PLANT CITY – Bart Butler, who has been blind since 2005, was desperate for work when he called Hillsborough Community College’s Plant City campus in search of a job.
He dialed campus President Dr. Martyn Clay’s extension and got a surprise.
“I expected to get his secretary, but he (Clay) answered the phone and I explained my situation to him. He said he’d get back to me in a couple of weeks. I think it was two weeks to the day, he called,” Butler said.
The discussion with Clay nearly two years ago led to Butler taking a specialist’s position at the campus’ largest and most popular venue, the more than 20,000 square-foot John R. Trinkle Center.
With the aid of a “talking” computer, smart phone and a guide dog named Teddy, the 57-year-old Butler schedules events from weddings to government meetings. “Bart has amazing organizational skills. He puts events together and manages a huge work load. He is already booking events for 2017,” Clay said.
Clay said Butler came to the college through a work program through the Florida Division of Blind Services. The agency paid his salary for the first few months.
It was an easy decision to add him to the college’s payroll after the trial period, Clay said.
“He worked out so well that we scarfed him right up. He’s an absolute gem,” he said.
Butler was born and raised in Ormond Beach, where he swam for his high school team. He attended the University of Florida on a swimming scholarship and obtained a bachelor’s in business administration.

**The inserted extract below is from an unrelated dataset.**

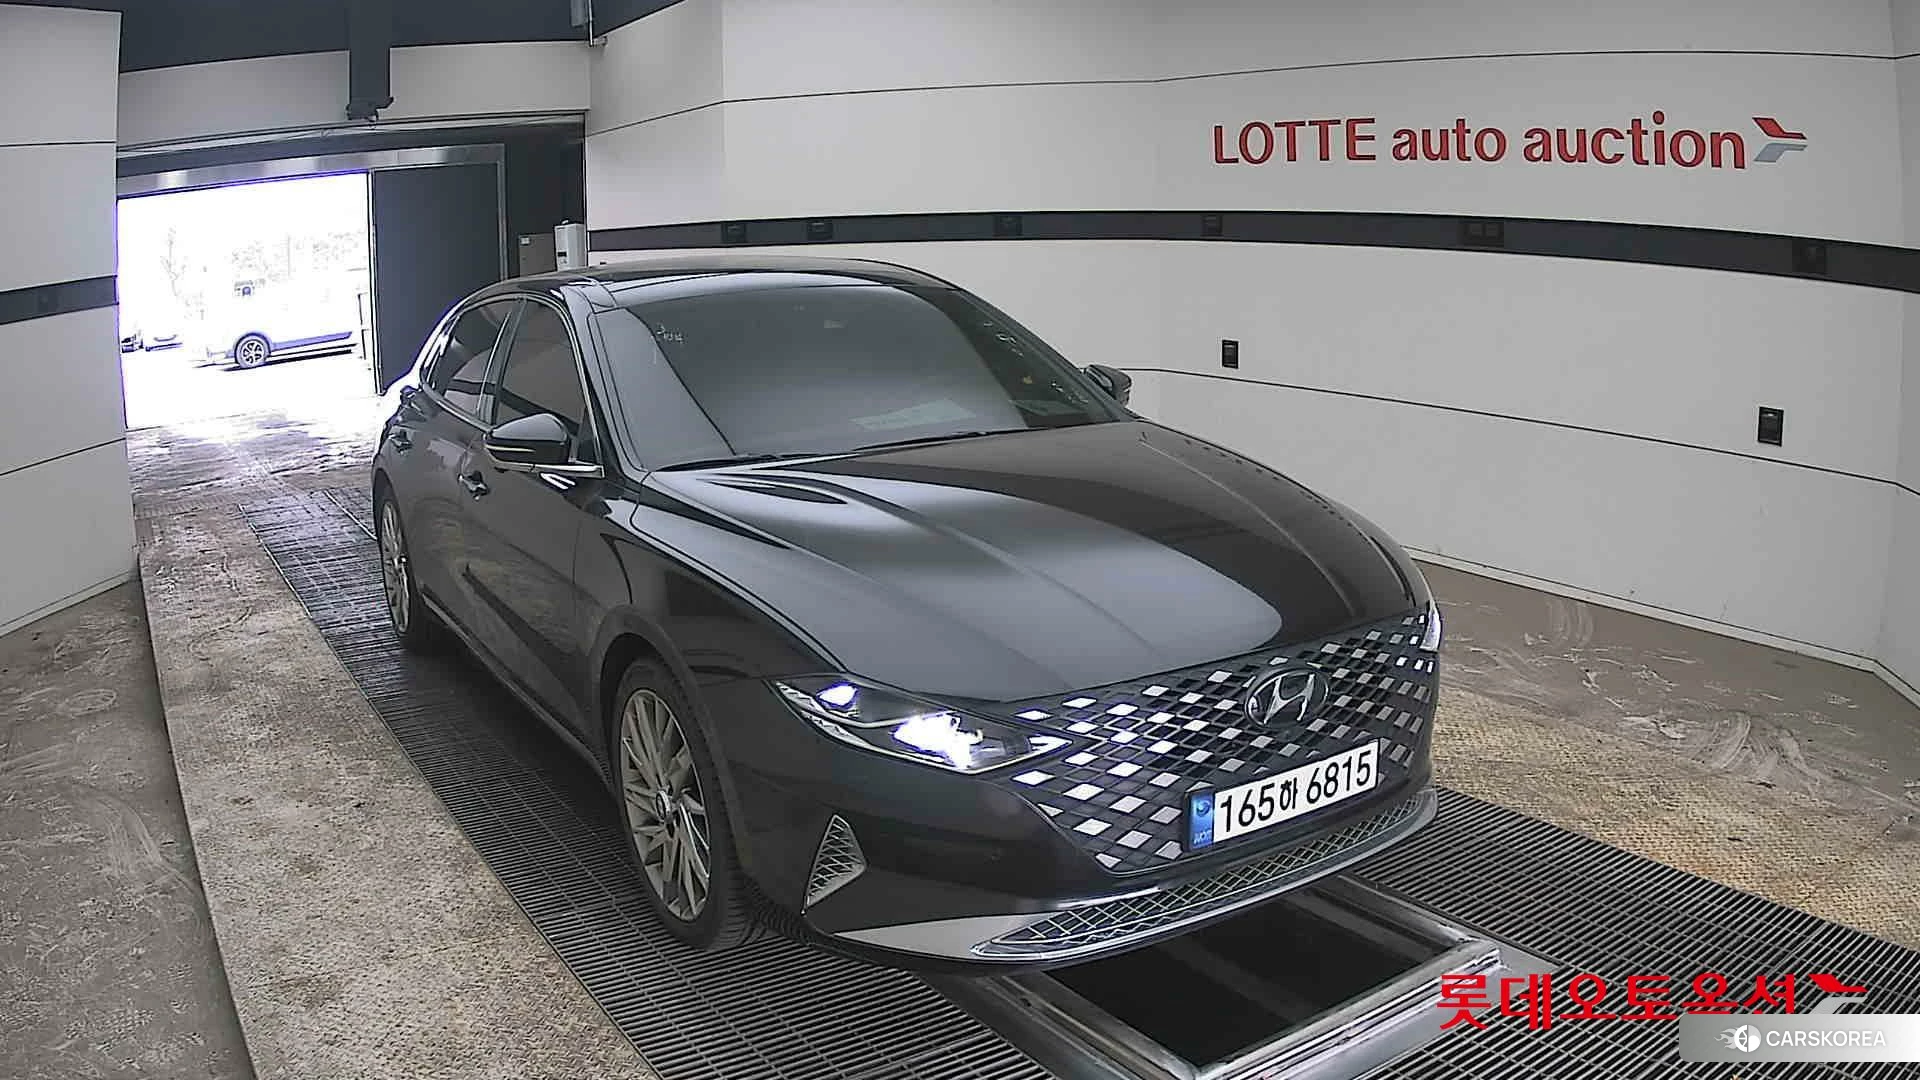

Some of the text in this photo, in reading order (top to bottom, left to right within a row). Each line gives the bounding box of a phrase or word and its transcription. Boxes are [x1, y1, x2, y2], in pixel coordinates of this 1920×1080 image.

[1213, 110, 1745, 168] LOTTE auto auction
[1220, 750, 1371, 833] 165하 6815
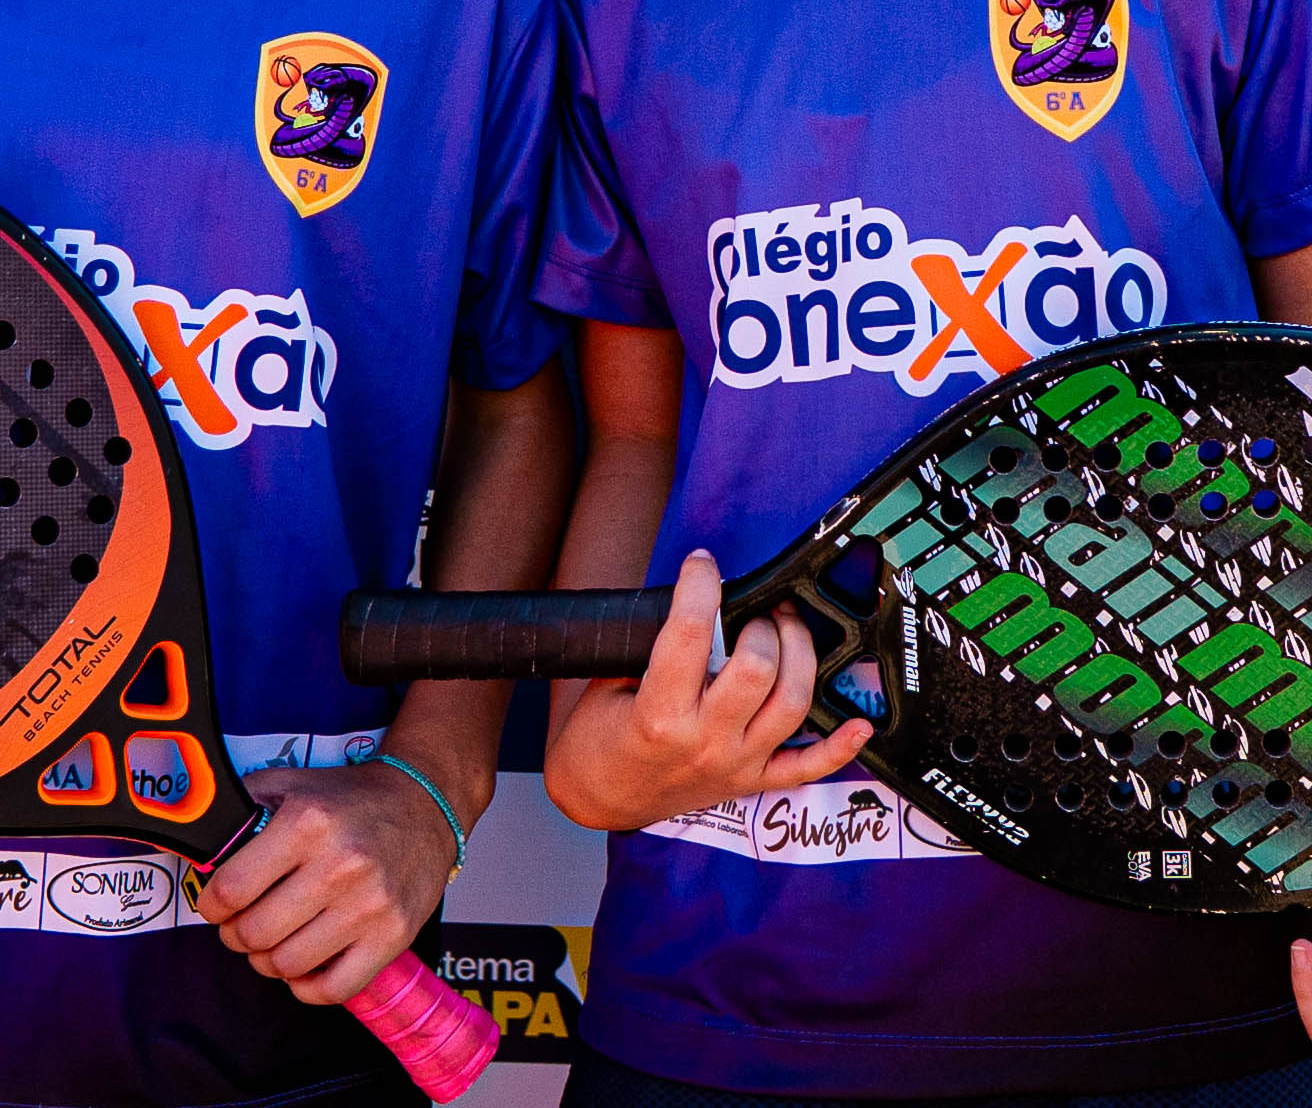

He worked for a number of years and in a number of roles for Coca-Cola, including working with New York City area bottlers on marketing campaigns. He eventually transferred to Florida where he met his now wife of nearly 30 years, Jana, who was working for St. Joseph’s Hospital. Jana Butler is now the executive director of the South Florida Baptist Hospital Foundation.
The couple moved to Plant City and his working career took a few turns that included ownership of a lawn care business and working as a firefighter. He became totally blind in October 2005 due to diabetes, at the same time he had kidney failure.
A kidney and pancreas transplant restored his health but not his vision and he trained at the Division of Blind Services’ Daytona Beach rehabilitation center. He also got Teddy, a half labrador and half golden retriever.
He said he was unemployed for a long time - no one wanted to hire a blind man - until Clay gave him the opportunity.
“This is my dream job since I lost my sight,” he said. “This is the perfect fit for me. I just love it.”
Managing the Trinkle center, one of Plant City’s largest venues, is no easy task, Clay said. As many as three events will take place a day in the center, which can seat up to 1,500 but with movable walls can be divided into much smaller spaces.
“He makes the place run with the precision of a Swiss watch,” he said.
Clay said Butler’s duties are so demanding that Clay is hiring a new employee, Jillian Nelson, to serve as the Trinkle center’s director to take the supervisory work load.
Butler, with his 6 1/2-year-old dog at his side, sits at a desk in the lobby of the center. Most of the inquiries for use of the building come in by phone, but he also has walk-ins – along with the occasional new student needing directions to class.
He learns how large of a space each prospective customer needs, and any special requirements, such as decorations. He draws up contracts with the help of a computer that can convert voice to text and vice versa.
Clay said Butler has “an ability to relate to the clients,” and always follows up with a telephone call to make sure each event was to the customer’s satisfaction.
Butler said he reaches out because, “I want to know what we did right and if anything went wrong.
“I try to make each event a learning experience and I want to know how we can make things better next time.”
He said he keeps in mind that many events, such as weddings, make once-in-a-lifetime memories.
“I love it when people have a good time,” Butler said. “I love it when they call me to tell me how everything was great before I have a chance to call them. That’s when I know I’ve done my job.”